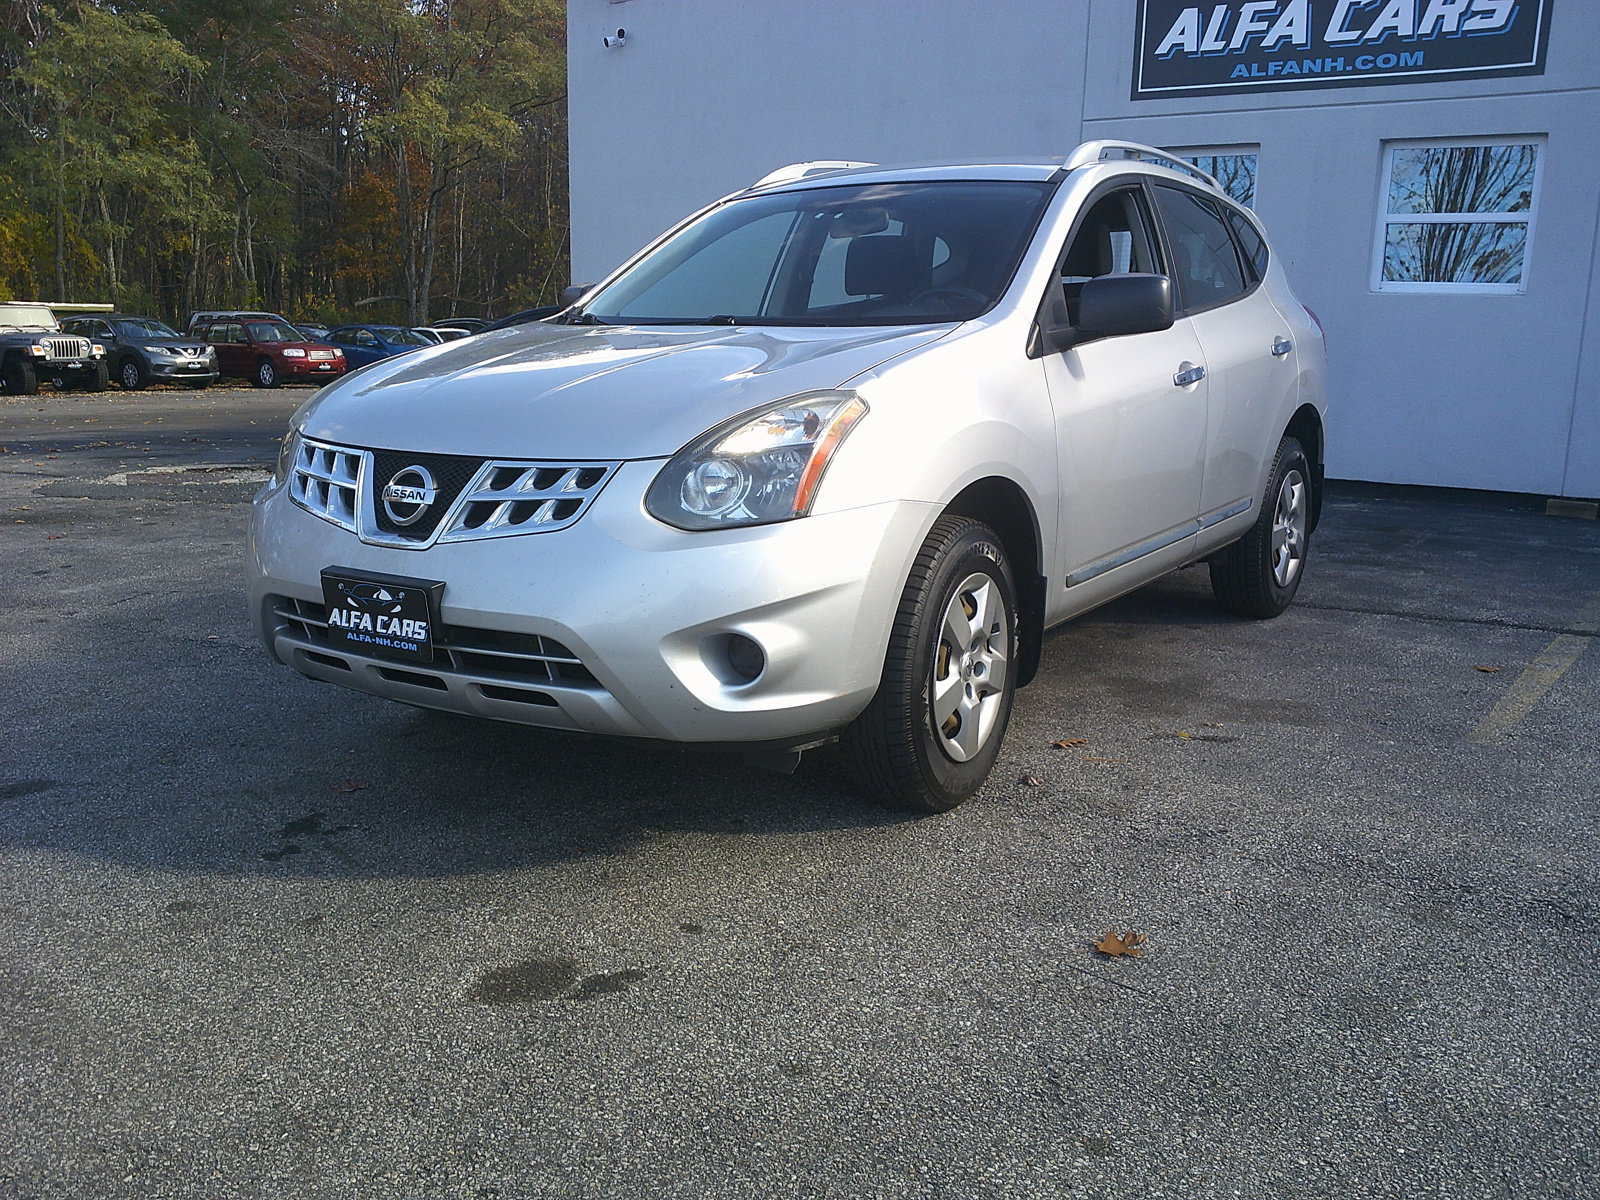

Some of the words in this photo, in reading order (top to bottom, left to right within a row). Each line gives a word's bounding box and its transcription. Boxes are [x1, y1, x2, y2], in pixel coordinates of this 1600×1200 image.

[1154, 0, 1310, 57] ALFA
[1323, 0, 1517, 45] CARS
[1230, 51, 1424, 78] ALFANH.COM
[384, 486, 427, 501] NISSAN
[328, 607, 374, 632] ALFA
[376, 614, 427, 641] CARS
[347, 632, 418, 652] ALFA-NH.COM
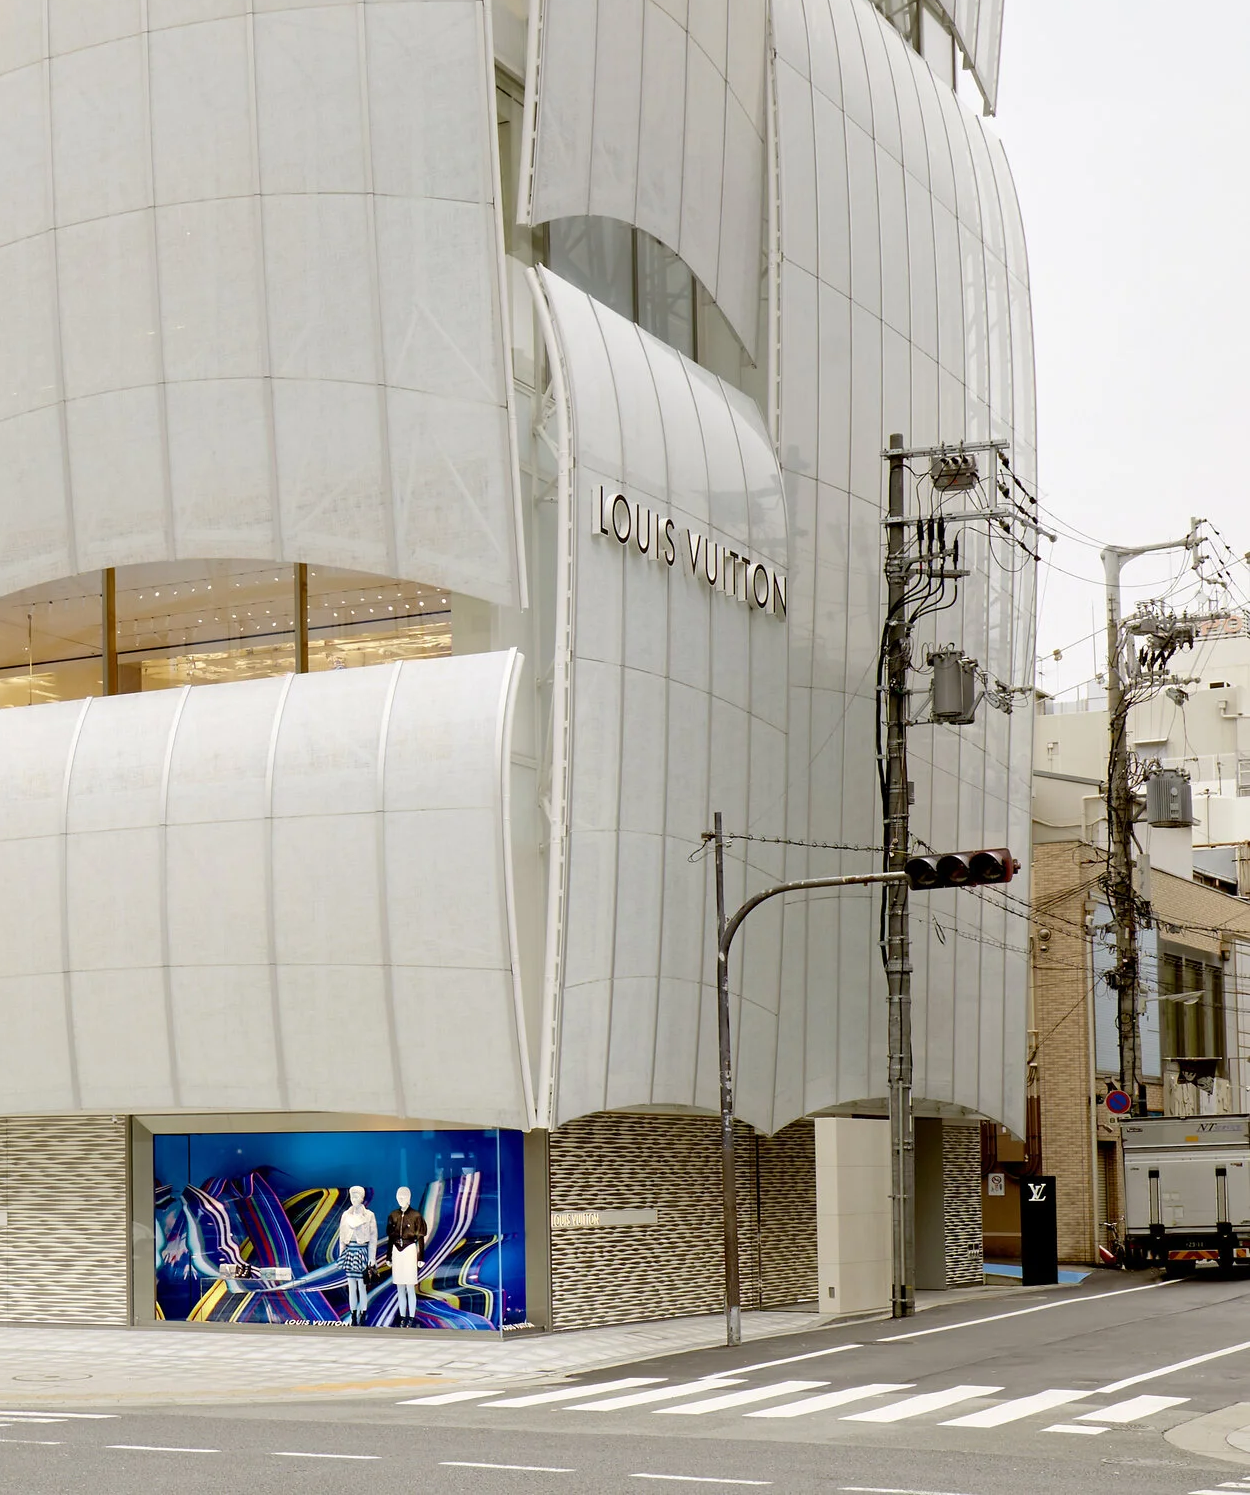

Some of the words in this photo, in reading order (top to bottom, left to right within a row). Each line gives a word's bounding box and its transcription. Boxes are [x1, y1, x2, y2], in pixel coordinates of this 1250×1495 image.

[598, 485, 675, 567] LOUIS
[684, 528, 787, 618] VUITTON
[551, 1214, 571, 1227] LOUIS
[572, 1213, 599, 1226] VUITTON
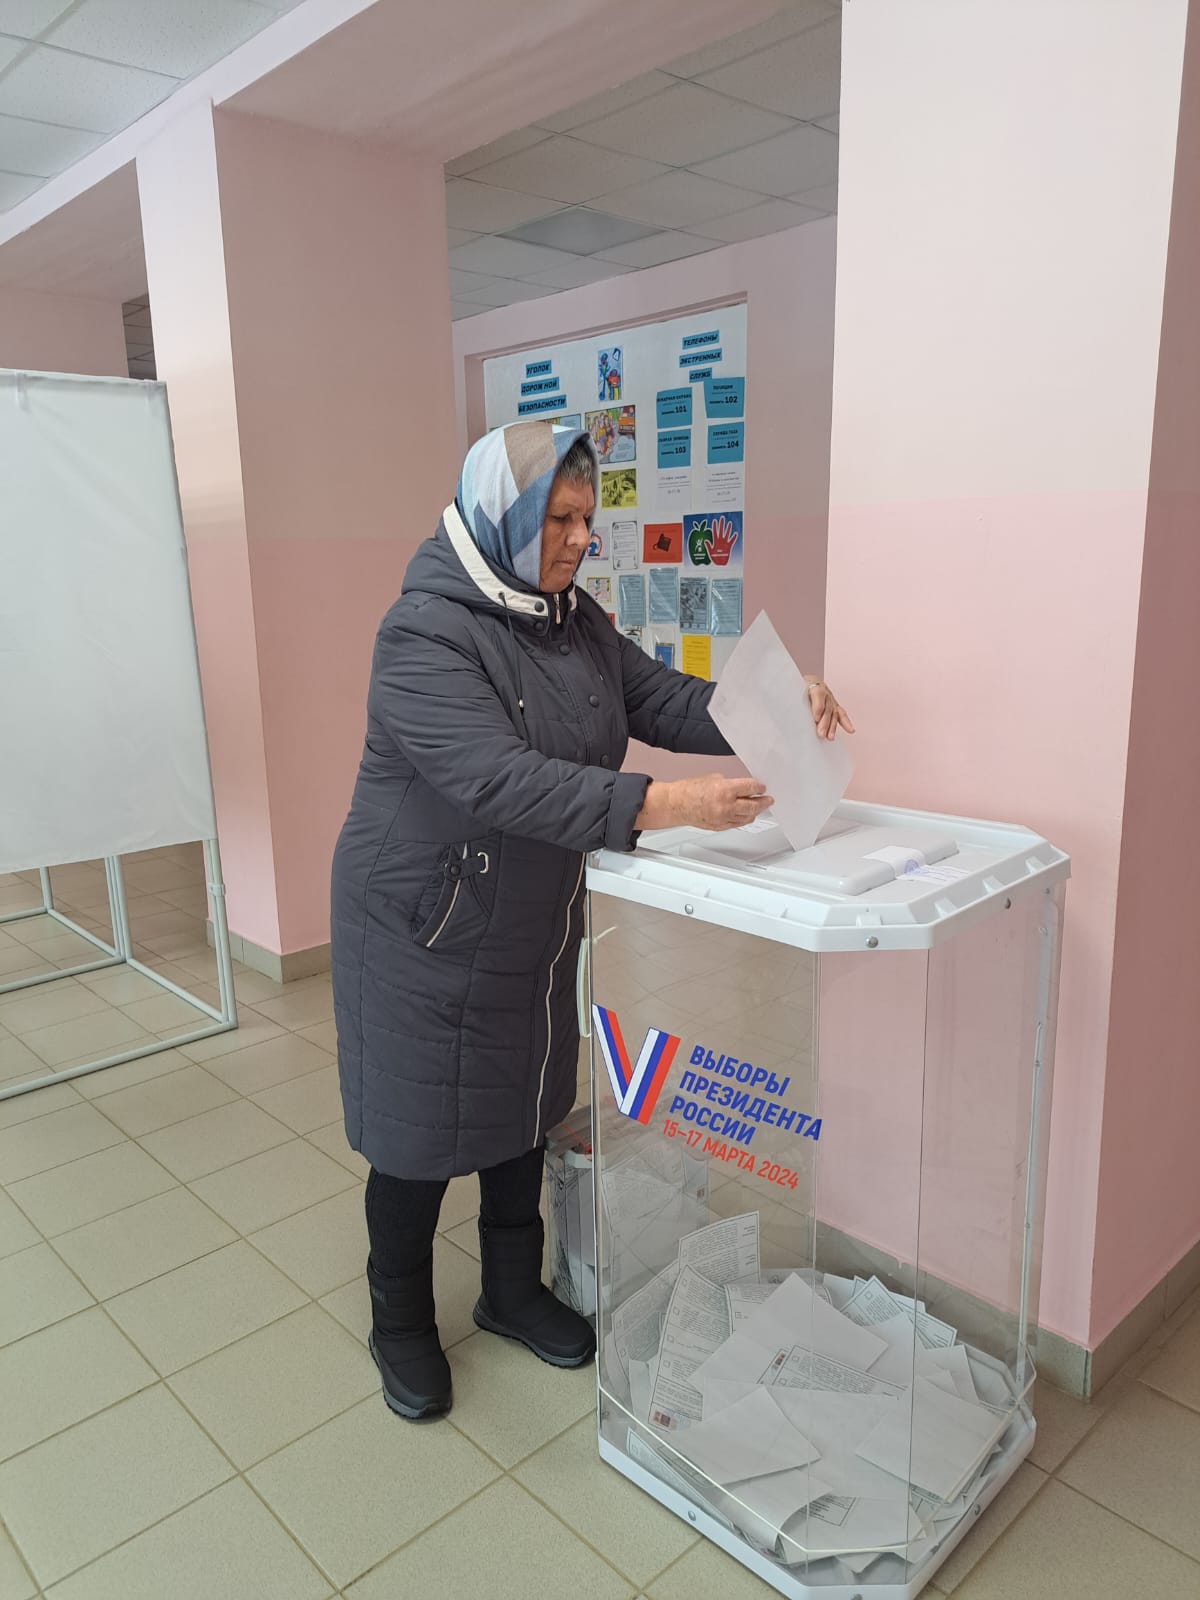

WORK ITEM => Only the pictures should be left out; write out everything else in the records exactly.

RESULT =>
Some of the words in this photo, in reading order (top to bottom, left to right within a row). Each line gives a word's bounding box and its transcription. Boxes are [x1, y1, x2, y2], in pixel coordinates of this 1600×1200 image.

[1154, 0, 1310, 57] ALFA
[1323, 0, 1517, 45] CARS
[1230, 51, 1424, 78] ALFANH.COM
[384, 486, 427, 501] NISSAN
[328, 607, 374, 632] ALFA
[376, 614, 427, 641] CARS
[347, 632, 418, 652] ALFA-NH.COM

Some of the words in this photo, in reading order (top to bottom, left to right within a row). Each line gives a word's bounding box and its transcription. Boxes are [x1, y1, x2, y2], in pixel coordinates of this 1250×1495 image.

[598, 485, 675, 567] LOUIS
[684, 528, 787, 618] VUITTON
[551, 1214, 571, 1227] LOUIS
[572, 1213, 599, 1226] VUITTON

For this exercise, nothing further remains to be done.